In accordance with this, the Ratio Studiorum is not absolute in its general legislation, and leaves room for the special conditions of different countries. A most distinct conception of the meaning and process of conferring degrees may be had, by consulting the typical constitution of an exclusively Jesuit university, as exhibited in the Monumenta Germaniæ Pædagogica.[333] The third part of this document treats exclusively of the "Variety of Academic Degrees and the Conditions for Each." And it begins by saying: "As it is expedient to confer Academic degrees on those who are found worthy of the same, so the utmost caution is to be practised, lest, at any time, they be conferred on such as would only bring the name of the Academy into discredit, and the degrees themselves into contempt. Wherefore no degree is ever to be conferred upon any one, who has not undergone all the tests which the customs of universities require."

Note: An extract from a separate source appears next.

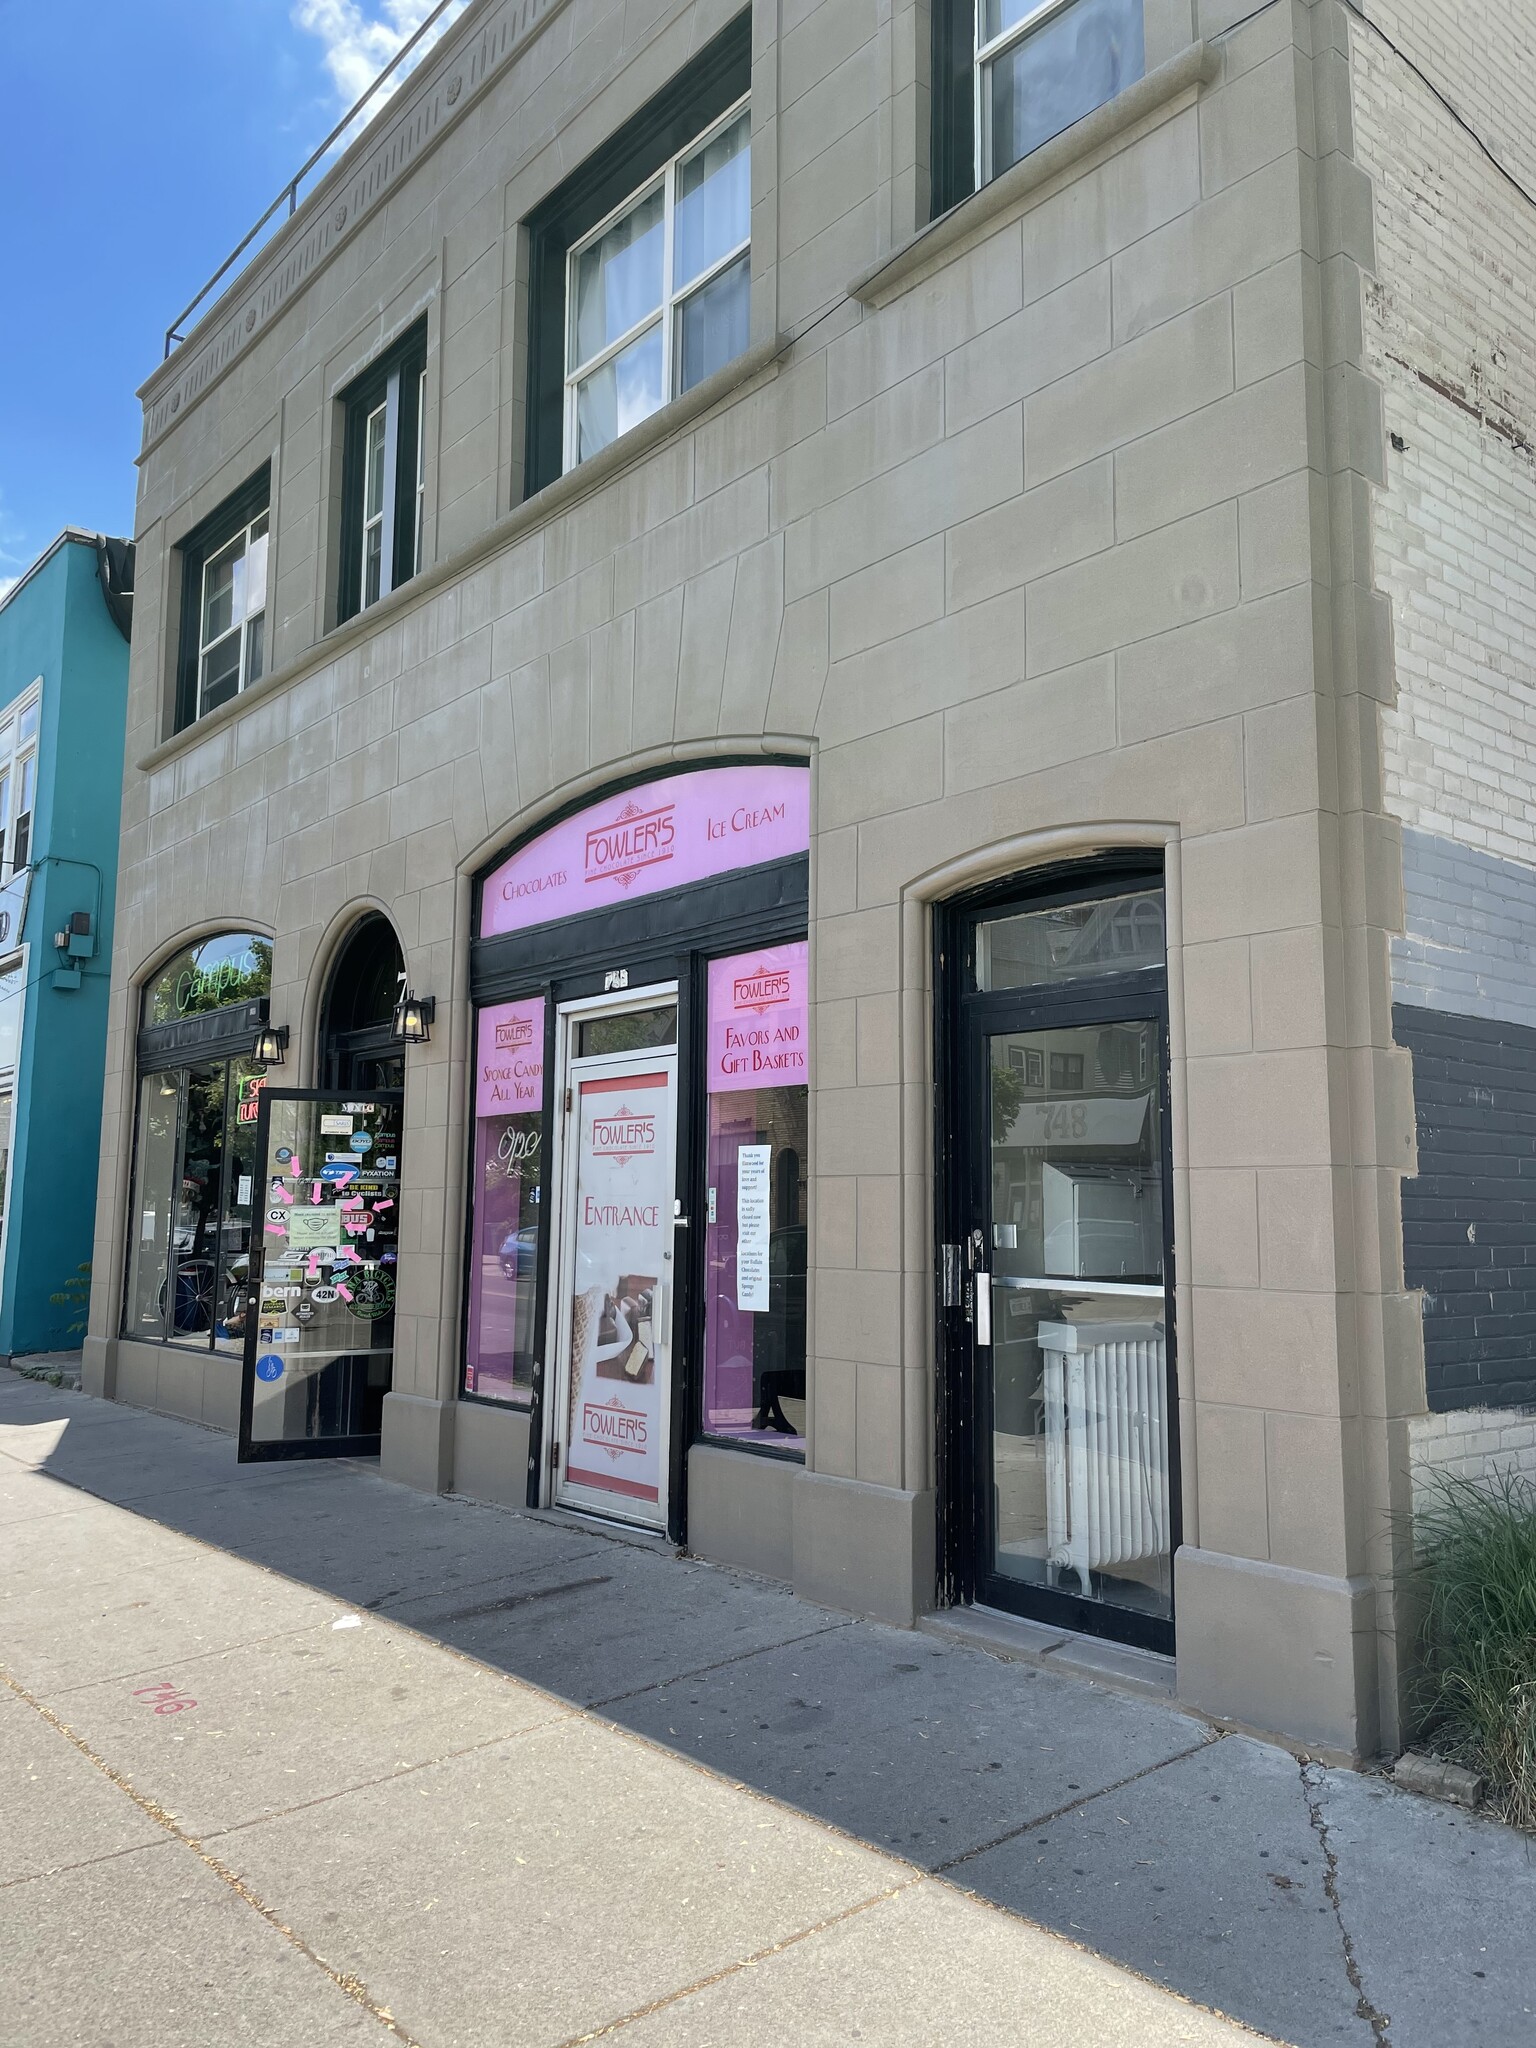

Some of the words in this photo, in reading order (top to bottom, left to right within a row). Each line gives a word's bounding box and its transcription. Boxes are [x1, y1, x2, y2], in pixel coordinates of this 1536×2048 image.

Passing on from the sixteenth century to our time, an important gap has to be crossed in the educational history of the Order. It is that of the Suppression, during about forty years at the end of the last century and the beginning of the present. These blank pages signify the total loss of property and position, with a severance in many places of the educational traditions for almost sixty years, and the entire destruction of them in many other parts. Besides, like "goods derelict," the whole system of education which, by means of the Society, had passed out of a limited number of mediæval universities, and had been accommodated with a home gratuitously in over seven hundred cities and towns of a dozen nationalities, was found by the Order, at its resurrection, to be largely in the hands of State authorities, or, at least, not independent of State control. Restored, but having had to struggle into existence, under altered and unfavorable circumstances, this pedagogical system may be viewed with interest, as it stands towards the close of the nineteenth century. For this purpose I may be allowed to glance at it, in several parts of the world, under the precise aspect which I have just been regarding, that of endeavoring to complete its work of education with Academic degrees.

In the United States, it has the same freedom of action as any other system of higher education, with none of the special support which is given to organizations endowed by the State.

In many parts of the continent of Europe, the property of the Order is in an habitual or chronic state of confiscation, and the members, as educators, are legally outlawed. Education can scarcely thrive when on the wing.